Bab Enam Puluh TigaUdara di Potter Manor dipenuhi dengan kekhawatiran dan rasa kehilangan yang mengerikan. Tidak ada yang bisa mengatakan sesuatu yang menghibur. Semua orang mendengarkan dengan seksama, menjadi semakin gelisah saat Ginny membahas kejadian yang terjadi di Riddle Manor. Nigel masih meringkuk di pangkuan ibunya dan menolak untuk pergi. Dia tidak mengatakan sepatah kata pun sejak kembali. Anak laki-laki kecil itu telah dipeluk oleh Alice segera setelah Ginny melepaskannya.
Poppy telah dipanggil agar dia bisa merawat Ginny dan Nigel. Dia mengatakan bahwa anak kecil itu shock karena trauma yang dialaminya, tetapi dia akan baik-baik saja. Dia akan kembali menjadi normal begitu dia menyadari bahwa dia aman dan tidak akan berada dalam bahaya apa pun. Dia terlalu muda untuk memahami apa yang terjadi padanya. Yang dia tahu hanyalah bahwa dia telah diambil dari orang tuanya. Semua jeritan dan tangisan di sekitarnya membuatnya tertekan.
Saat ini, Poppy sedang sibuk berusaha menyembuhkan tangan Ginny. Dia hampir tidak bisa berkonsentrasi. Pikirannya terus bertanya-tanya kembali pada apa yang akan Harry alami. Ginny terdiam setelah memberitahu semua orang bagaimana Harry memaksanya untuk melarikan diri. Dia duduk diam, mata penuh dengan air mata, saat Poppy membungkus tangan Ginny dengan perban. Mereka rusak parah dan membutuhkan beberapa hari untuk pulih.

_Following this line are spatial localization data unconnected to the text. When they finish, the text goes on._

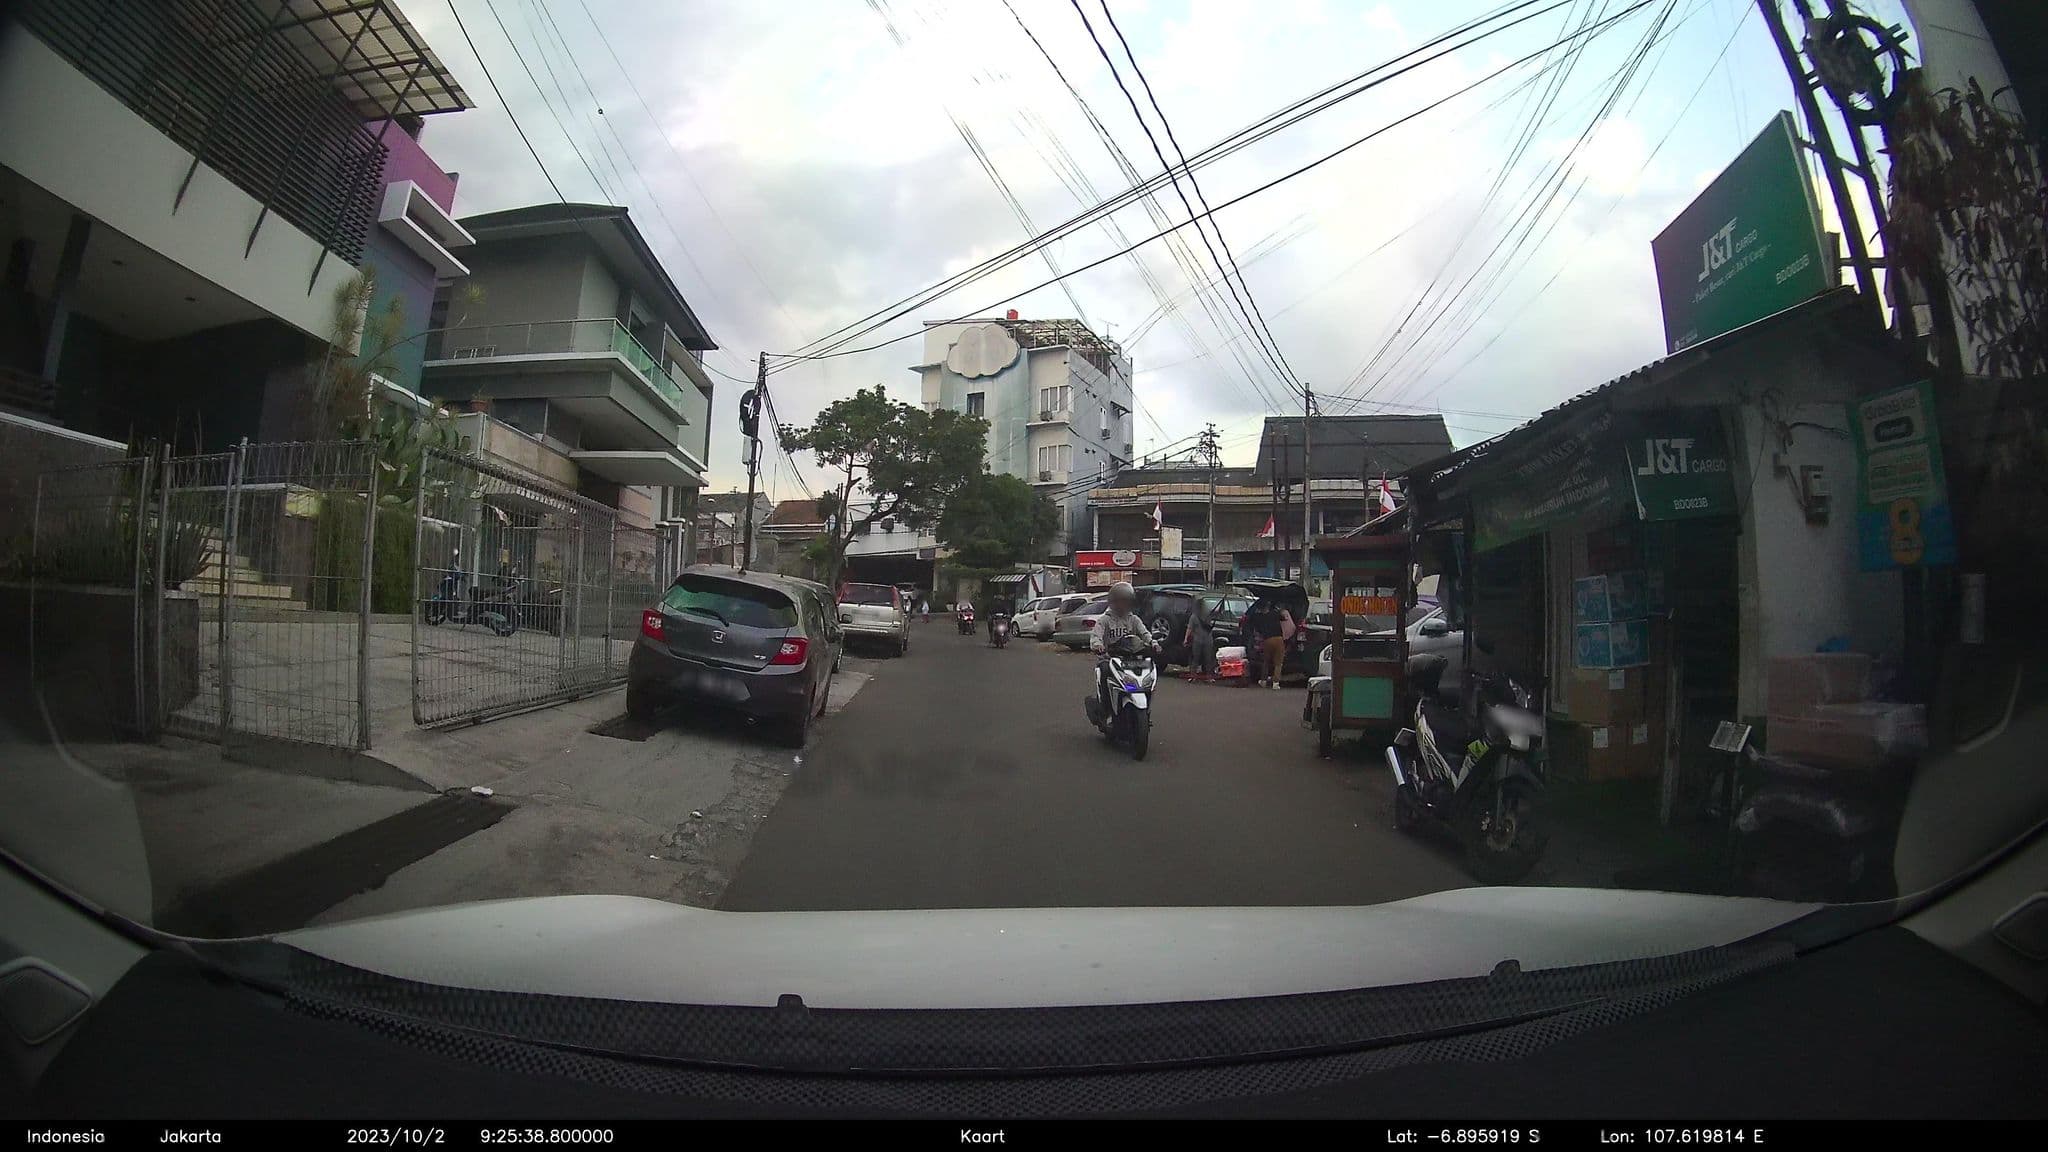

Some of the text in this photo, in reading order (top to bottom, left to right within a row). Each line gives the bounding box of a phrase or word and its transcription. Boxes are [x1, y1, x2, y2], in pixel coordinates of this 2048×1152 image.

[1698, 217, 1758, 282] J&T CARGO
[1637, 438, 1727, 476] J&T CARGO
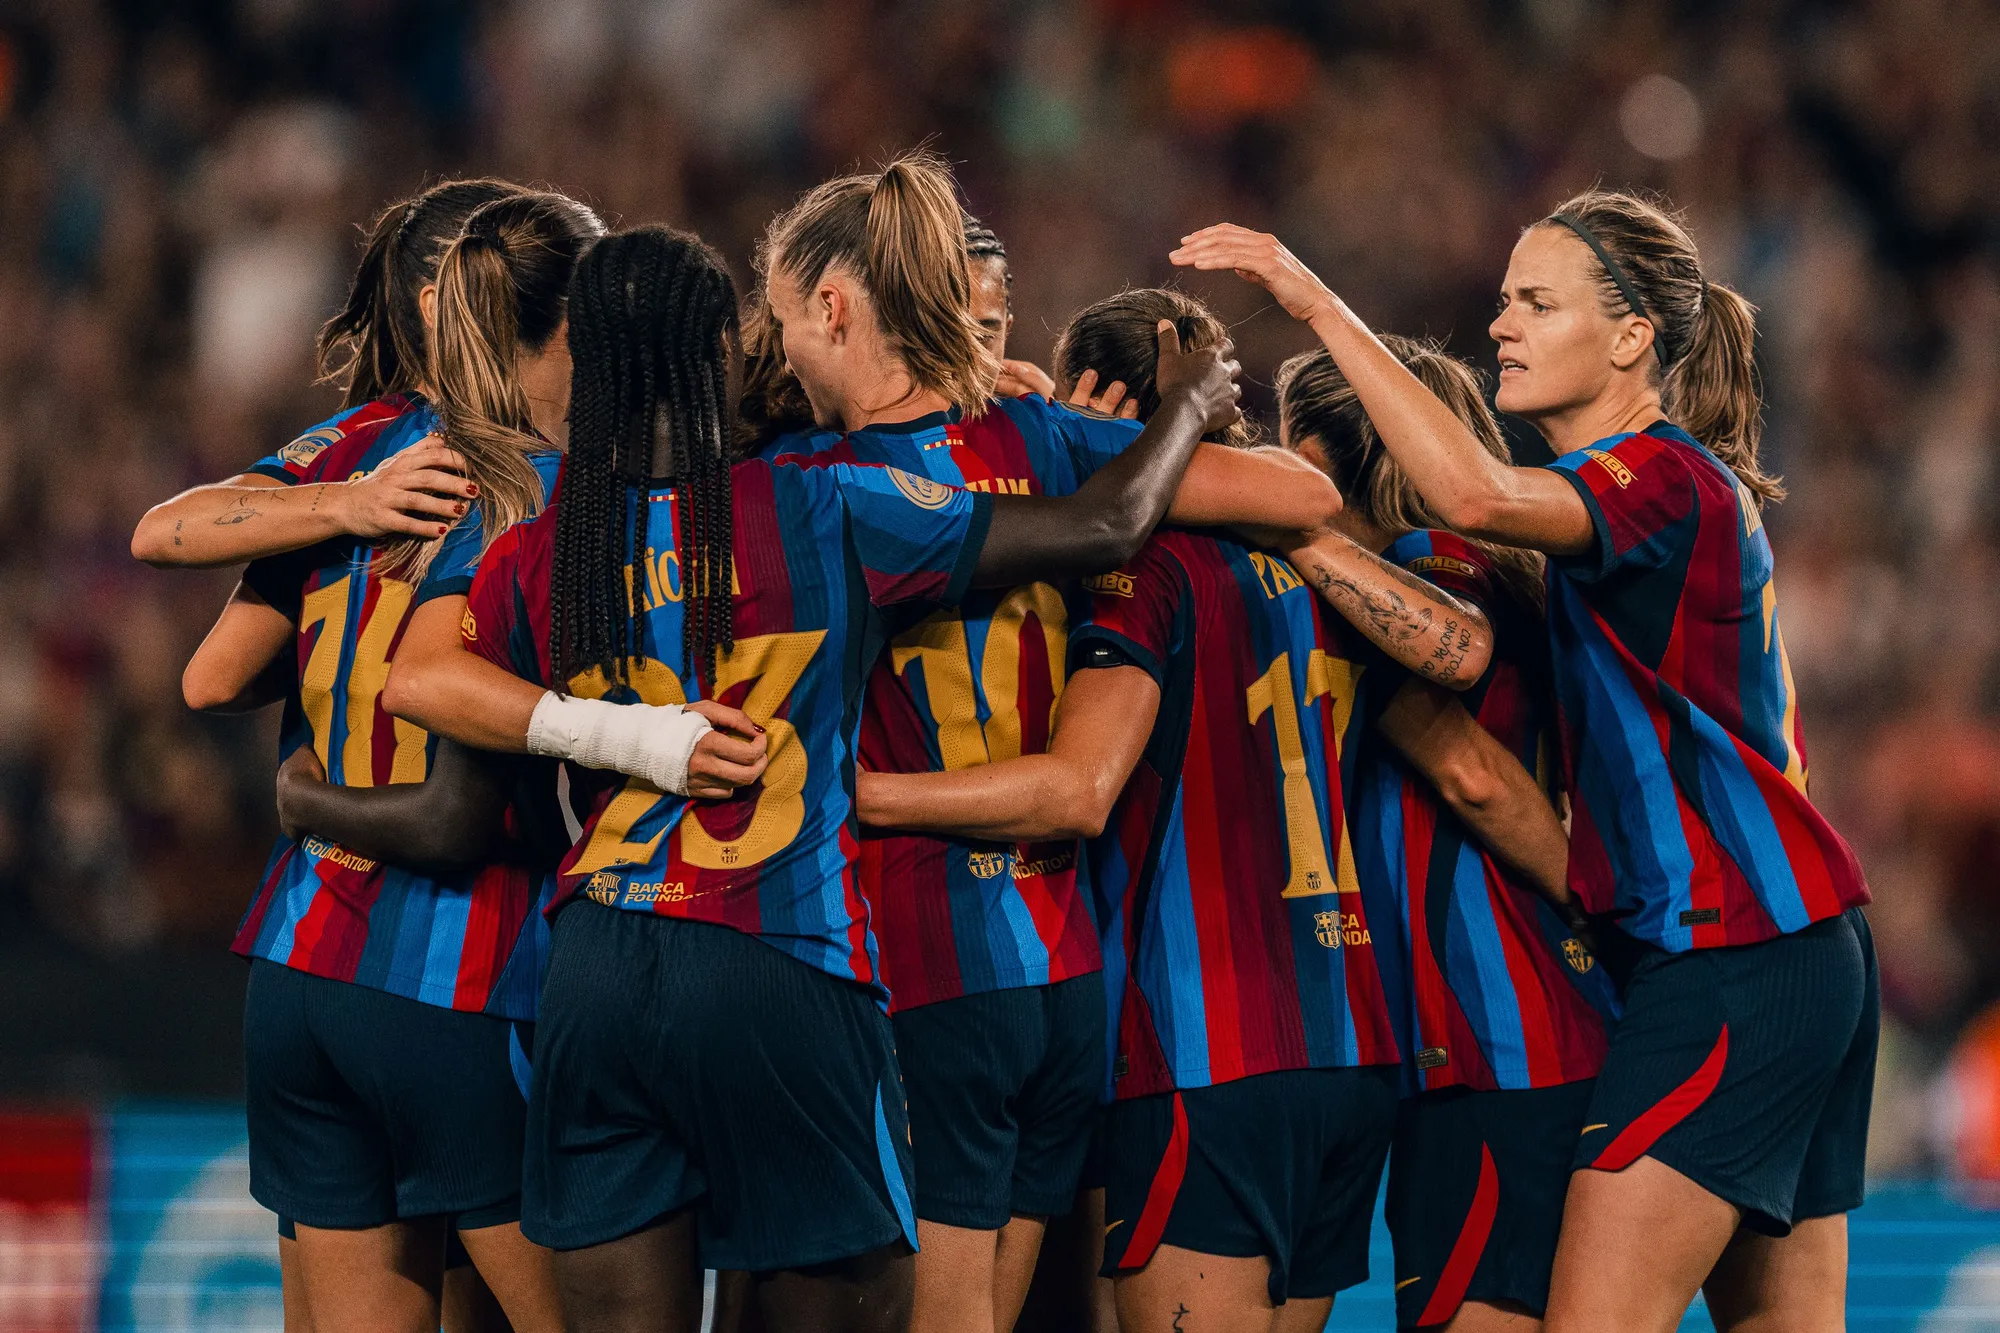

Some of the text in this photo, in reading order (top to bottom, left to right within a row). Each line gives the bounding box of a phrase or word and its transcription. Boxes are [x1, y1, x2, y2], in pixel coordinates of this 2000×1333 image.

[891, 580, 1069, 772] 10
[1456, 628, 1471, 653] CON
[562, 629, 829, 876] 23
[1246, 648, 1367, 899] 17
[629, 882, 685, 895] BARÇA
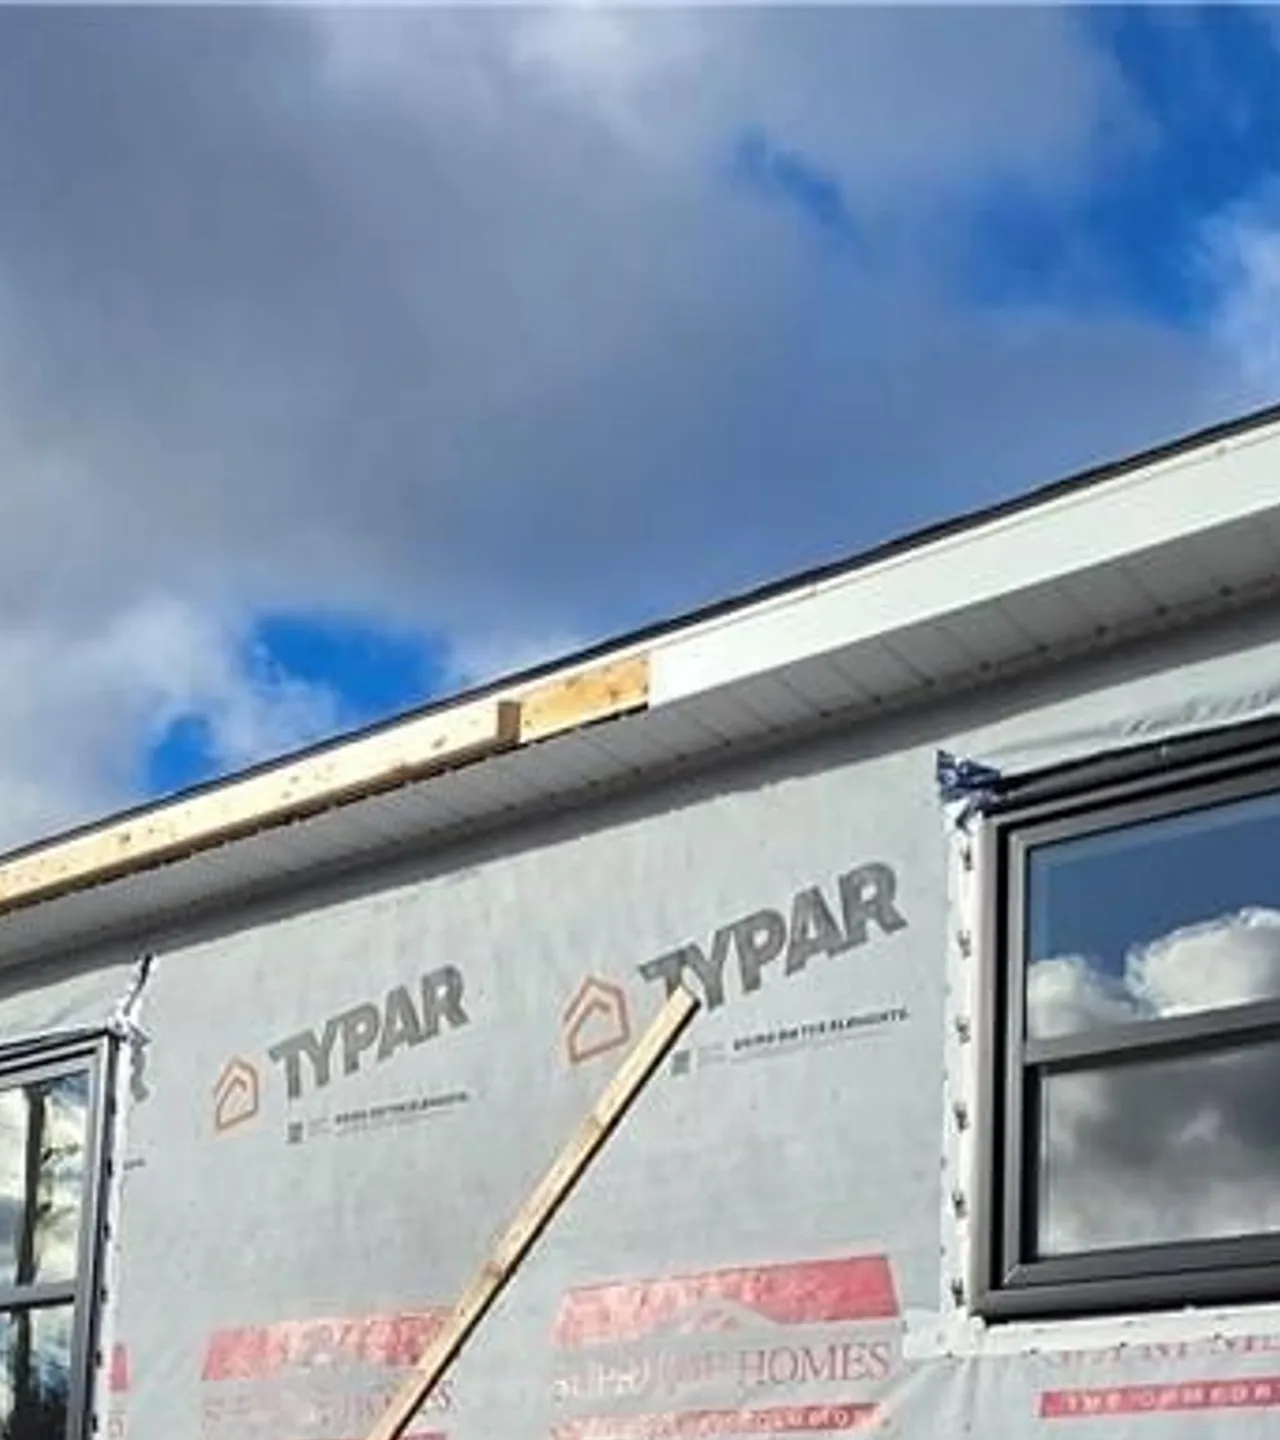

Di seberangnya duduk sosok Damien yang diam. Wajahnya masih sakit karena serangan Harry. Mata cokelatnya tertuju pada perapian seolah diam-diam menginginkan Harry turun, seperti yang Ginny alami setengah jam yang lalu. Dia masih tidak percaya Harry telah pergi. Dia merasakan sebuah tangan dengan lembut meremas bahunya. Dia mengalihkan pandangannya dari perapian dan melihat ke atas untuk melihat wajah berlinang air mata Hermione menjadi fokus. Hermione berlutut di samping Damien dan tanpa kata-kata menghiburnya. Dia tidak tahu harus berkata apa padanya yang mungkin bisa membuatnya merasa lebih baik.
Akhirnya Dumbledore mengangkat kepalanya dan berbicara kepada ruangan secara luas.
"Kita harus menunggu Severus. Dia satu-satunya yang bisa membantu kita menemui Harry. Jangan putus asa. Harry akan melewati ini." Kalimat terakhirnya ditujukan kepada dua orang tua putus asa yang duduk di tengah yang lain.
Baik James maupun Lily tidak mengakui apa yang dikatakan Dumbledore. Sirius menghela nafas frustasi saat dia melihat ke arah Dumbledore. 'Jika Snape adalah kesempatan terbaik kita untuk mendapatkan Harry, maka semua harapan hilang,' pikirnya dengan sedih.
xxx
Harry terlempar dengan kasar ke lantai batu. Kepalanya menabrak tanah menyebabkan nafas kecil keluar darinya. Harry berbaring terengah-engah saat suara langkah kaki mengelilinginya. Rasa sakit di bekas lukanya membuatnya merasa mual. Harry telah terlempar ke tanah oleh aliran kutukan yang datang dari para Pelahap Maut, segera setelah Ginny dan Nigel dengan aman melayang kembali ke Potter Manor. Mereka kemudian mengikat tangannya di belakang punggung dan menyeretnya kembali untuk dilempar ke hadapan Tuan mereka.
Harry merasakan dua pasang tangan meraih dia dari lengan atasnya dan menariknya ke lutut. Penglihatan Harry berenang saat kedua kepalanya berdenyut kesakitan dan bekas lukanya berkobar lebih ganas. Dia merasa, lebih dari sekadar melihat, tatapan tajam Voldemort menimpanya. Visinya menjadi jelas untuk menunjukkan Voldemort berdiri di hadapannya, amarah mengintai di bola merahnya.
Harry tetap berlutut. Dia tahu sia-sia untuk berdiri karena dia akan dipaksa untuk membungkuk di hadapan Voldemort lagi. Harry terus memusatkan pandangannya pada mantan orang tuanya, diam-diam menantangnya untuk tetap setia pada kata-katanya dan membalas dendam.
Voldemort mengencangkan cengkeramannya pada tongkatnya dan dengan tenang bangun untuk berdiri tepat di depan Harry.
"Aku benar tentang kamu. Kamu tidak akan menjadi Gryffindor yang bodoh jika kamu mencobanya!" dia mendesis marah padanya.